AKI and Bleeding Risks Associated with Vitamin K Antagonists and Antiplatelet Agents in Patients with CKD

Session Information

Category: Acute Kidney Injury

  • 101 AKI: Epidemiology, Risk Factors, and Prevention

Authors

  • Laville, Solene M., CESP - INSERM U1018, Clinical Epidemiology Team, Paris-Saclay University, UVSQ, Villejuif, Île-de-France, France
  • Metzger, Marie, CESP - INSERM U1018, Clinical Epidemiology Team, Paris-Saclay University, UVSQ, Villejuif, Île-de-France, France
  • Hamroun, Aghiles, Regional and University Hospital Center of Lille, Nephrology Department, Lille, France
  • Lambert, Oriane, CESP - INSERM U1018, Clinical Epidemiology Team, Paris-Saclay University, UVSQ, Villejuif, Île-de-France, France
  • Jacquelinet, Christian, Agence de la biomedecine, La Plaine Saint-Denis, France
  • Laville, Maurice, Nephrology Dept, Centre Hospitalier Lyon Sud, Universite de Lyon, Carmen, Pierre-Bénite, France
  • Frimat, Luc, Nephrology Department, CHRU de Nancy, Vandoeuvre-les-Nancy, France
  • Fouque, Denis, Nephrology Dept, Centre Hospitalier Lyon Sud, Universite de Lyon, Carmen, Pierre-Bénite, France
  • Combe, Christian, Service de Nephrologie Transplantation Dialyse Apherese, Centre Hospitalier Universitaire de Bordeaux, Bordeaux, France
  • Pecoits-Filho, Roberto, Arbor Research Collaborative for Health, Ann Arbor, Michigan, United States
  • Stengel, Benedicte, CESP - INSERM U1018, Clinical Epidemiology Team, Paris-Saclay University, UVSQ, Villejuif, Île-de-France, France
  • Massy, Ziad, Department of Nephrology, Ambroise Pare University Hospital, APHP, Boulogne-Billancourt, France
  • Liabeuf, Sophie, Department of Clinical Pharmacology, Amiens University Hospital, Amiens, France
Background

Anticoagulation in patients with chronic kidney disease (CKD) is challenging because of altered pharmacodynamics/pharmacokinetics.

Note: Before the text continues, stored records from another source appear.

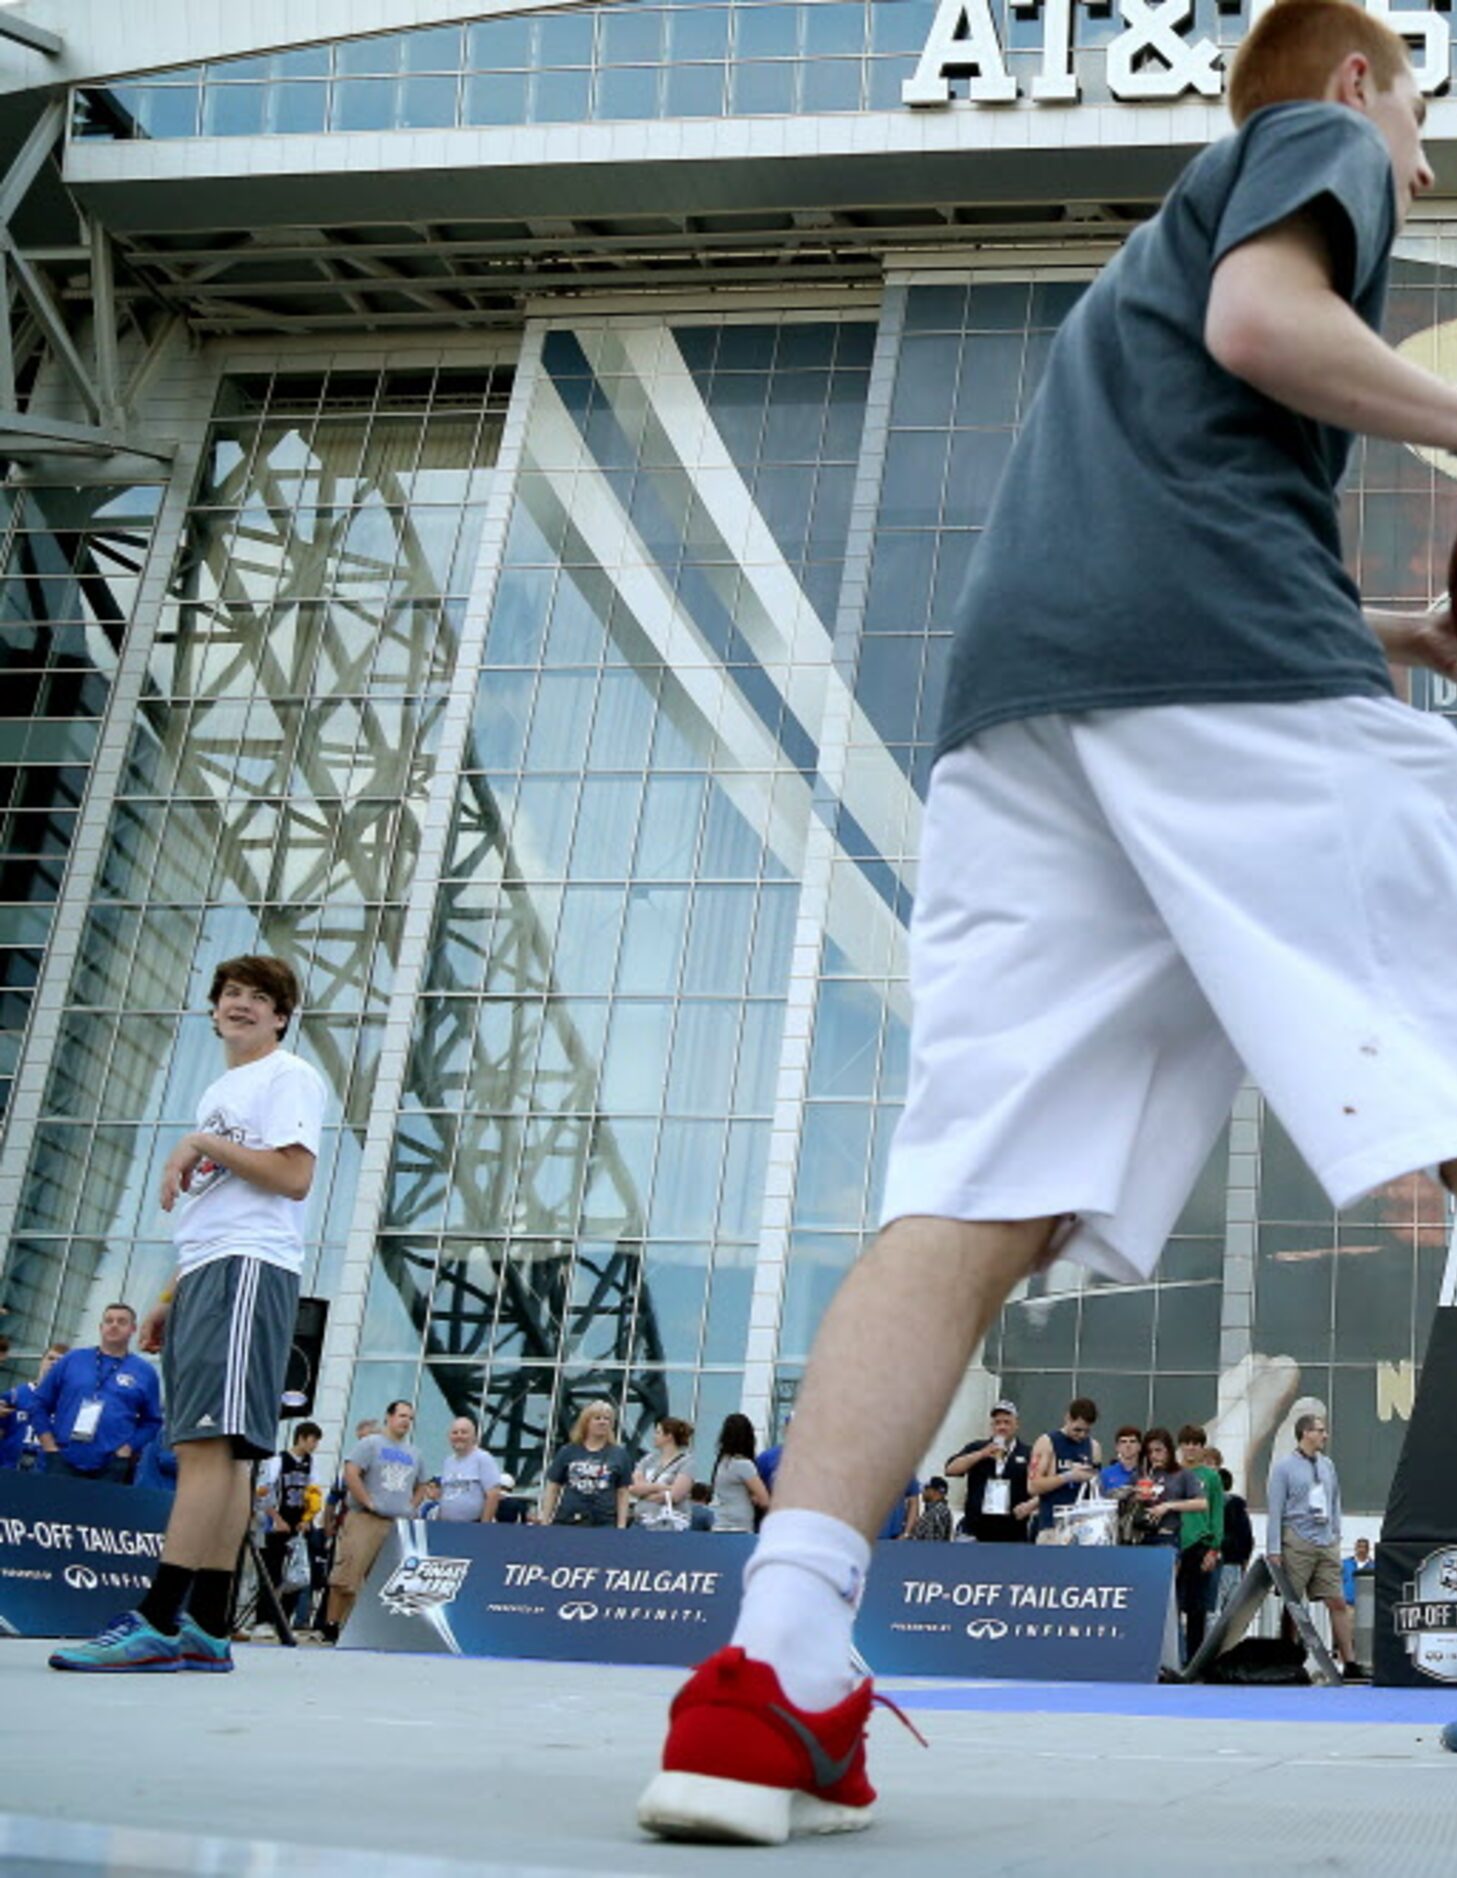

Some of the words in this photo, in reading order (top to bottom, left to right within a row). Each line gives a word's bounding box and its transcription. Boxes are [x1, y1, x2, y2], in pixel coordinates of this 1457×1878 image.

[901, 0, 1226, 104] AT&
[503, 1563, 600, 1589] TIP-OFF
[603, 1568, 719, 1594] TAILGATE
[903, 1581, 1003, 1607] TIP-OFF
[1008, 1584, 1130, 1609] TAILGATE
[1399, 1604, 1452, 1629] TIP-OFF
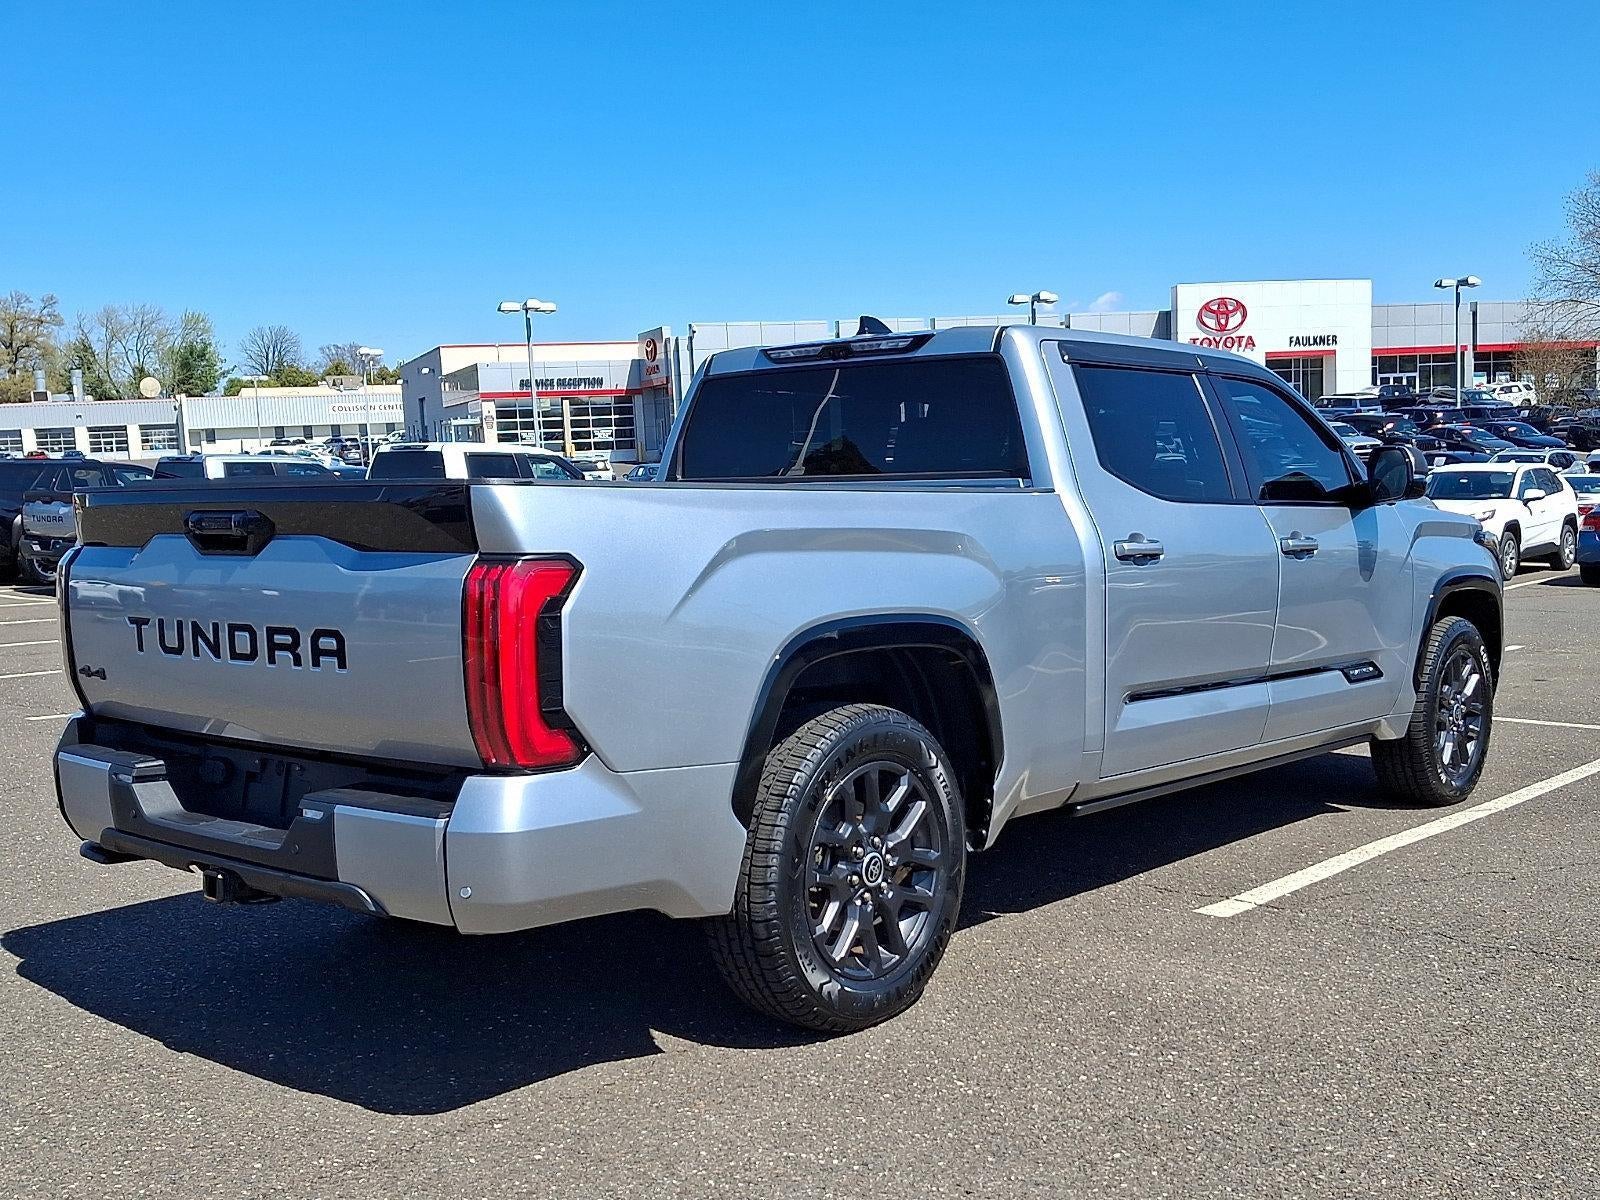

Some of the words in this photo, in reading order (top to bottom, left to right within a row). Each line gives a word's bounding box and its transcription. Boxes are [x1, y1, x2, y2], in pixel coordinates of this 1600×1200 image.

[1189, 335, 1256, 350] TOYOTA
[1289, 334, 1338, 347] FAULKNER
[519, 378, 555, 390] SEVICE
[556, 377, 604, 390] RECEPTION
[31, 514, 64, 523] TUNDRA
[125, 616, 348, 672] TUNDRA

Patients prescribed vitamin K antagonists (VKA) are at high risk of bleeding, and possibly also acute kidney injury (AKI). We assessed bleeding and AKI risks associated with VKA and/or antiplatelet agents (AP) prescription in patients with moderate or advanced CKD.

Methods

CKD-REIN is a prospective cohort of 3022 nephrology outpatients with CKD stages 2-5 at inclusion. Drug prescriptions and their duration were collected prospectively. We used cause-specific Cox proportional hazard models to estimate hazard ratios (HR) of bleeding (identified through hospitalizations) and AKI (as defined according to KDIGO 2012) associated with VKA only, AP only, or VKA + AP prescriptions treated as a time dependent variable and adjusted for baseline comorbidities, laboratory data, and medications.

Results

At baseline, 65% of the patients were men, median age was 69 (interquartile range (IQR), 60-76), median eGFR was 32 mL/min/1.73m2 (IQR, 23-41), 328 (10%) patients were prescribed VKA only, 1196 (40%) AP only, and 100 (3%) both VKA and AP.
Over a median follow-up of 3.0 years (IQR, 2.6-3.1), 71 (2%) patients were newly prescribed VKA and 187 (6%) AP; 152 patients experienced a bleeding event requiring hospital visit/stay (crude incidence rate (IR): 1.9% person-years [95%CI,1.6-2.2]) and 414 patients experienced AKI (crude IR: 5.4 % person-years [95%CI, 4.9-5.9].
The adjusted HRs for bleeding associated with prescriptions of AP only, VKA only and AP+VKA were 0.77 [95%CI, 0.48-1.22], 2.29 [95%CI, 1.41-3.73] and 3.77 [95%CI, 2.08-6.83], respectively.
Prescription of VKA was associated with increased AKI risk, adjusted HR, 1.79 [95%CI,1.39; 2.32], but not that of AP, 1.19 [95%CI, 0.94; 1.49].

Conclusion

This study confirms the high risk of AKI associated with VKA prescription in CKD patients. It also highlights the potential aggravating effect of combining VKA and AP on the risk of bleeding in this population.